> Work instructions
Each entry listed below should be reproduced word for word.

(Stored entries)
━━━━
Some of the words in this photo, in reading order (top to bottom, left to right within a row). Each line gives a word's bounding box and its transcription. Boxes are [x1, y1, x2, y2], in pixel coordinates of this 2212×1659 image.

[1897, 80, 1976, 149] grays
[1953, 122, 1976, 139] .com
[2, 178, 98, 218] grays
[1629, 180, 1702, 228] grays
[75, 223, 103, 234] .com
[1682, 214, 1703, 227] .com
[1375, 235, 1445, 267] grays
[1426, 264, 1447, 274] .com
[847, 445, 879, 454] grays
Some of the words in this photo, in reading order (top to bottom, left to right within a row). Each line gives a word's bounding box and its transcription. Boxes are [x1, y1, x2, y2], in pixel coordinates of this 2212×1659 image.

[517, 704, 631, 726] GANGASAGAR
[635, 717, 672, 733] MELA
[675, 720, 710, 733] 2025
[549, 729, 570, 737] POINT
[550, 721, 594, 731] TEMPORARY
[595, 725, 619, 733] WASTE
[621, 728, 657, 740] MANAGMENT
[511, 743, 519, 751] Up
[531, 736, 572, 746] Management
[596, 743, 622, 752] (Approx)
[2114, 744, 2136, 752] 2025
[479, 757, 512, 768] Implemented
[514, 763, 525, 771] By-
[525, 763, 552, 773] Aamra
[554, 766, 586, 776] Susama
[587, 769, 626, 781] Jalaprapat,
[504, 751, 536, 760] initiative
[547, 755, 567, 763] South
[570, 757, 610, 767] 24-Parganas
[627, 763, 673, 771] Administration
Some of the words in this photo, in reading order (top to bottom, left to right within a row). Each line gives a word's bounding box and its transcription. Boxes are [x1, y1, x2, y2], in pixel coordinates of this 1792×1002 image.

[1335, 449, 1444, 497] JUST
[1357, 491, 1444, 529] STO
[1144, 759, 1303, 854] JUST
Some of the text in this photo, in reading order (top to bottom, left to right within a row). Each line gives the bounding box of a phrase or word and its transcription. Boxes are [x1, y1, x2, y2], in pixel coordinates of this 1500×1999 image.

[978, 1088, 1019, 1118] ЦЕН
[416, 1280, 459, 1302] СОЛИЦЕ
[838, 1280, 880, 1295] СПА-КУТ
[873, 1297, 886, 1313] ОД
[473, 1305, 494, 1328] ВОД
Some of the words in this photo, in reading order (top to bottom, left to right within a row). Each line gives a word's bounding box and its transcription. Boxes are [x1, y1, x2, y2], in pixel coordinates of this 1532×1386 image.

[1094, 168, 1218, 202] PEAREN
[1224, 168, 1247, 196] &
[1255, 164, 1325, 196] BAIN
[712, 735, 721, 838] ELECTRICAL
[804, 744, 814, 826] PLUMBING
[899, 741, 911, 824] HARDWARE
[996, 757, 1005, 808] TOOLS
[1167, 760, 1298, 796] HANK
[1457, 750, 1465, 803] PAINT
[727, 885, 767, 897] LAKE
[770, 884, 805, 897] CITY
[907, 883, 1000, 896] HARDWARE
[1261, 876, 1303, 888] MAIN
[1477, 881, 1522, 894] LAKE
━━━━
> Task answer
Some of the words in this photo, in reading order (top to bottom, left to right within a row). Each line gives a word's bounding box and its transcription. Boxes are [x1, y1, x2, y2], in pixel coordinates of this 2212×1659 image.

[1897, 80, 1976, 149] grays
[1953, 122, 1976, 139] .com
[2, 178, 98, 218] grays
[1629, 180, 1702, 228] grays
[75, 223, 103, 234] .com
[1682, 214, 1703, 227] .com
[1375, 235, 1445, 267] grays
[1426, 264, 1447, 274] .com
[847, 445, 879, 454] grays
Some of the words in this photo, in reading order (top to bottom, left to right within a row). Each line gives a word's bounding box and its transcription. Boxes are [x1, y1, x2, y2], in pixel coordinates of this 2212×1659 image.

[517, 704, 631, 726] GANGASAGAR
[635, 717, 672, 733] MELA
[675, 720, 710, 733] 2025
[549, 729, 570, 737] POINT
[550, 721, 594, 731] TEMPORARY
[595, 725, 619, 733] WASTE
[621, 728, 657, 740] MANAGMENT
[511, 743, 519, 751] Up
[531, 736, 572, 746] Management
[596, 743, 622, 752] (Approx)
[2114, 744, 2136, 752] 2025
[479, 757, 512, 768] Implemented
[514, 763, 525, 771] By-
[525, 763, 552, 773] Aamra
[554, 766, 586, 776] Susama
[587, 769, 626, 781] Jalaprapat,
[504, 751, 536, 760] initiative
[547, 755, 567, 763] South
[570, 757, 610, 767] 24-Parganas
[627, 763, 673, 771] Administration
Some of the words in this photo, in reading order (top to bottom, left to right within a row). Each line gives a word's bounding box and its transcription. Boxes are [x1, y1, x2, y2], in pixel coordinates of this 1792×1002 image.

[1335, 449, 1444, 497] JUST
[1357, 491, 1444, 529] STO
[1144, 759, 1303, 854] JUST
Some of the text in this photo, in reading order (top to bottom, left to right within a row). Each line gives the bounding box of a phrase or word and its transcription. Boxes are [x1, y1, x2, y2], in pixel coordinates of this 1500×1999 image.

[978, 1088, 1019, 1118] ЦЕН
[416, 1280, 459, 1302] СОЛИЦЕ
[838, 1280, 880, 1295] СПА-КУТ
[873, 1297, 886, 1313] ОД
[473, 1305, 494, 1328] ВОД
Some of the words in this photo, in reading order (top to bottom, left to right within a row). Each line gives a word's bounding box and its transcription. Boxes are [x1, y1, x2, y2], in pixel coordinates of this 1532×1386 image.

[1094, 168, 1218, 202] PEAREN
[1224, 168, 1247, 196] &
[1255, 164, 1325, 196] BAIN
[712, 735, 721, 838] ELECTRICAL
[804, 744, 814, 826] PLUMBING
[899, 741, 911, 824] HARDWARE
[996, 757, 1005, 808] TOOLS
[1167, 760, 1298, 796] HANK
[1457, 750, 1465, 803] PAINT
[727, 885, 767, 897] LAKE
[770, 884, 805, 897] CITY
[907, 883, 1000, 896] HARDWARE
[1261, 876, 1303, 888] MAIN
[1477, 881, 1522, 894] LAKE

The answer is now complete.